"Wormholes" -- Essays by John Fowles

I read to be educated.  I find it very hard to read for pleasure.  It seems like such a waste of time -- especially since there are so many great minds out there that have put great thoughts to paper.  John Fowles, whom I mentioned in my last talk -- He wrote The Collector & The French Lieutenant’s Woman -- is one such great mind.  I’ve just been reading his collected essays entitled Wormholes.
 
In one of his essays he says “The three most foolishly conjoined words in history were surely “Liberty, Equality, Fraternity.”  I assume all of you know those were the words used during the French Revolution: Liberty, Equality, Fraternity.  I never thought much about these words.  They sound good.  We are all for Liberty; we are all for Equality; we are all for Fraternity--but as he points out “Liberty is individual, and the deadly enemy of the two social virtues.”  Think about it.  Liberty is the right to do whatever you want--and the minute people do whatever they want they become individuals--fast, smart, rich, poor, avaricious, lazy.  People become anything but equal if they are allowed to be free, and in America we see this in the great divide between the rich and the poor.
 
I am not against freedom, but as Fowles points out, the word freedom should not be conjoined with the other two words, Equality & Fraternity.  If people are going to be equal, someone will have to work hard to make them equal.  They aren’t born equal and the more freedom you give them the less equal they will be as they progress in life.  Society will have to exercise a high degree of control over people if it really wants people to be equal, but it is clear that we really don’t want to make people equal -- not in America, not in France, not in England.
 
Over the many years I have taught I have had countless arguments with my students who believe that we are all equally able to succeed if we want to, and that if we don’t succeed the fault must lie with us.  John Fowles says that the fact that many people still hold that belief “after a century of major discoveries in genetics and psychology, defies belief.”  A century of major discoveries in genetics and psychology tells us that mathematical abilities, writing abilities, skin cancer, our sense of humor, the clothes we wear -- all these and a million more are, to some extent, pre-determined: We do what we do because of the parents who raised us, the world we were raised in, our genetic make-up.  The most foolish belief in the world is that we are all equally able to succeed, and one of the most foolish of all slogans is “Liberty, Equality, Fraternity.”  Equality and Fraternity are Social virtues -- society must exert power over individuals if there is to be equality & fraternity -- and to exert power over people is to limit their freedom.
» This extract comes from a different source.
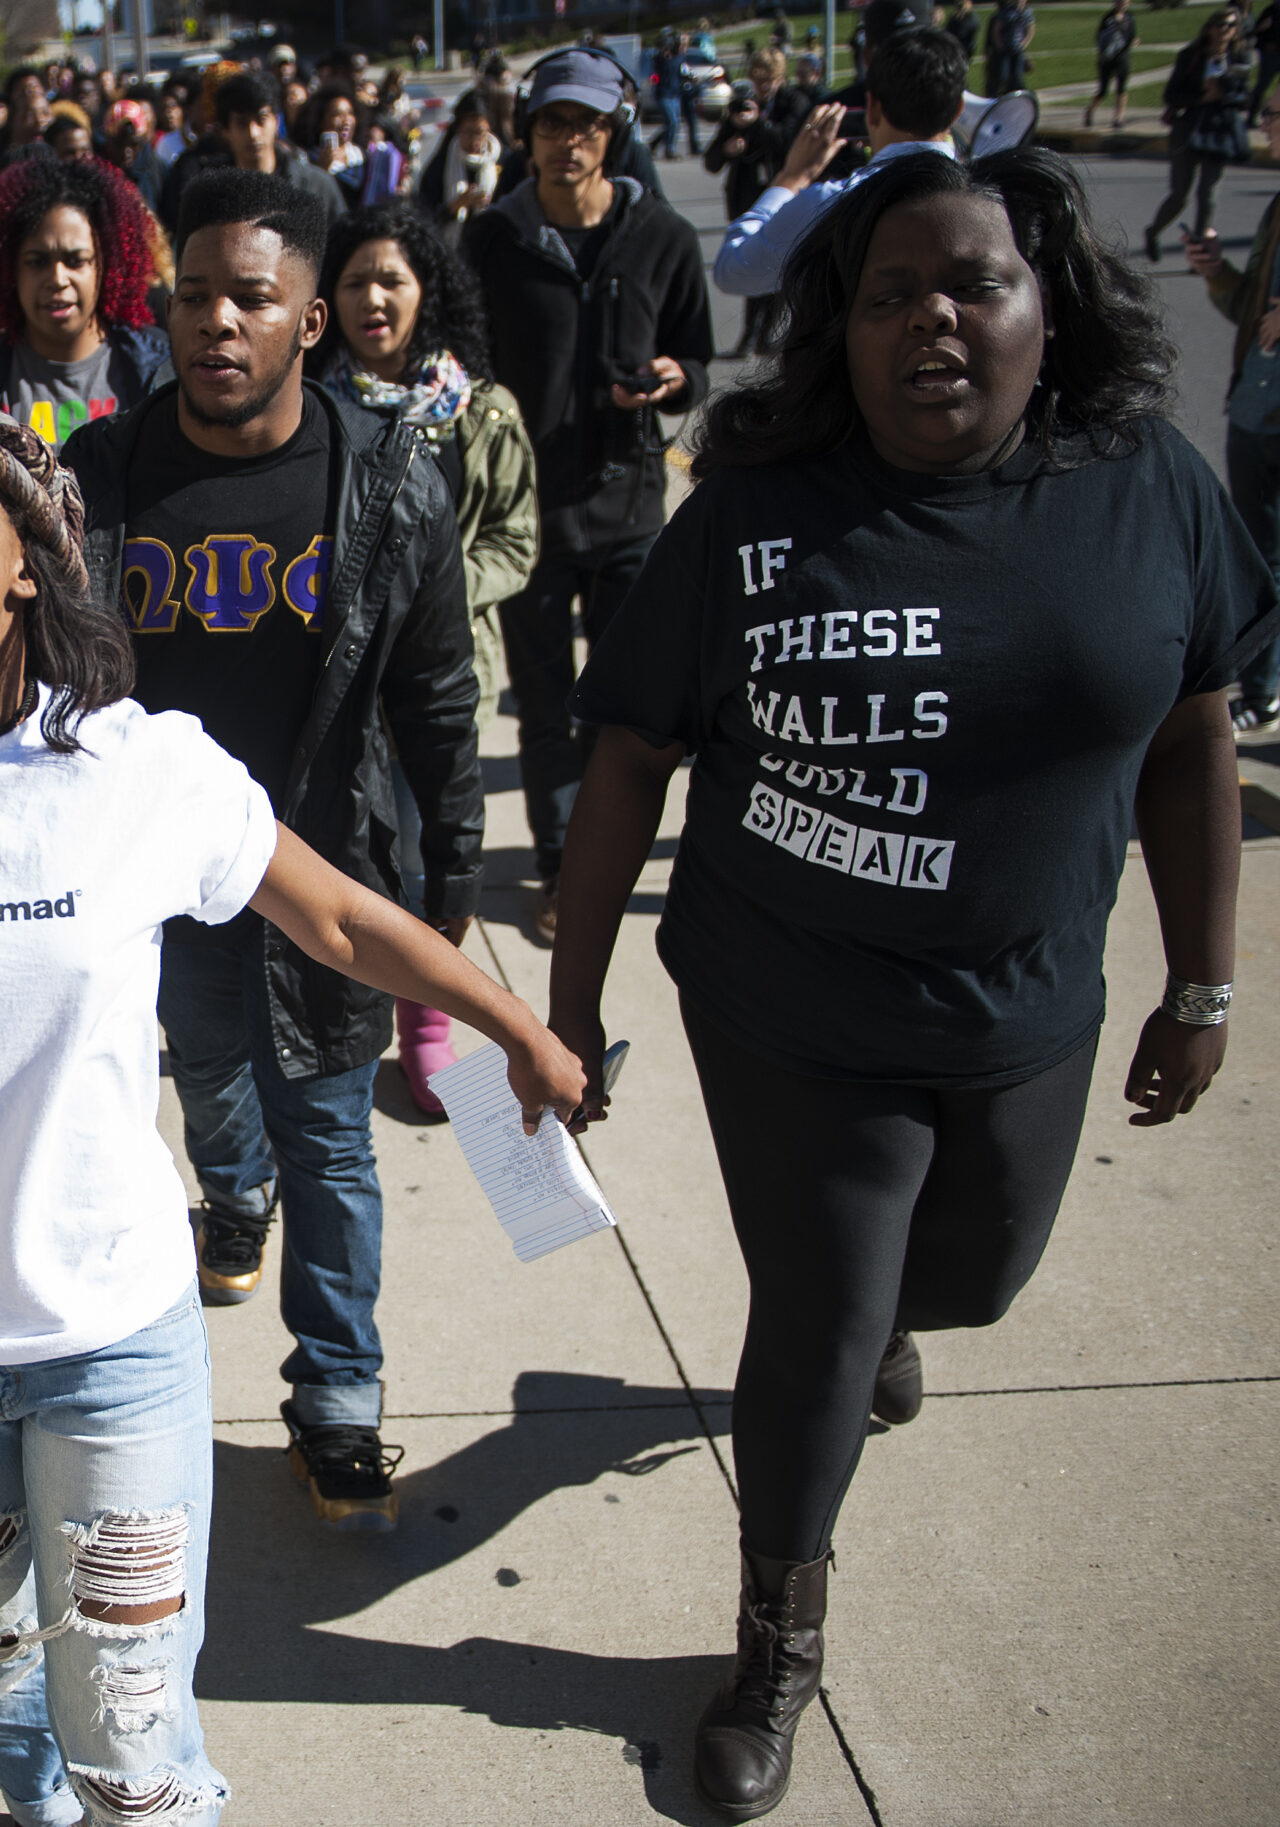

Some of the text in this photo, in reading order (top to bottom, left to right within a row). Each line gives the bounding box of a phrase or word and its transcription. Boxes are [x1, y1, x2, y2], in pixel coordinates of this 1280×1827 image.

Someone once explained that we will stop waging wars when we stop eating animals.  Some of you who are listening think these two things are wildly unconnected.  What does eating animals have to do with waging war?  To others of you listening you know exactly what the man meant: if you are able to kill and eat animals you are able to wage war and kill human beings.
 
I thought of the preceding when I read the following sentence by John Fowles, the British writer whose essays I have been reading lately: “You may think there is very little connection between spraying insecticide over your flower beds because everyone else on your street does the same, and spraying napalm over a Vietnamese village because that’s the way war is.  But many more things than we know start in our very own backyards.  Social aggression starts there; and so does social tolerance.”
 
Social aggression does start in our backyards.  His essay is about gardens and he believes that “the first thing to ban from the gardening shelf is all insecticide, which has been in at the start of the nastiest exterminatory chain reaction of this century.  Running a very close second is the weed killer.  Every scientific statement about this or that product’s comparative harmlessness can be treated as so much barefaced lying, since all such products aim to upset the natural balance.”
 
Before I go any further, let me admit that I am not a gardener, and if I were, I’d probably be the nastiest of gardeners: I’d take the easy way out and kill all weeds, zap all insects with insecticides.  I’m a city boy, and the behavior of city people is best exemplified by the lady in New Jersey who bought this beautiful house with a wonderful lot full of tall trees and immediately chopped down forty trees so she could have a better view and not have to deal with the nasty insects that live in trees.

It is her attitude, my attitude, the attitude of all of us, that is upsetting the natural balance, setting off the nastiest exterminatory chain reaction of this century.”  When we don’t like something in our back garden we zap it with weed killer, we spray insecticides indiscriminately.  This attitude towards our gardens made it easy for us to use napalm.  We didn’t like the trees in Vietnam cause the nasty gooks hid in the trees, so we zapped the trees with napalm -- a great defoliant -- and we set off a chain reaction that, according to one article I read recently, killed 40,000 American soldiers.  The Vietcong only managed to kill 54,000 Americans.  Our own defoliant ended up killing almost as many Americans as the enemy did.
 
But back to my main point.  Social aggression starts in our backyards.  Those who use insecticides in gardens have no trouble choosing napalm to fight a war.  Those who butcher animals to feed their hunger have no trouble butchering people to feed their beliefs.  Social aggression starts in our backyards -- and so does social tolerance.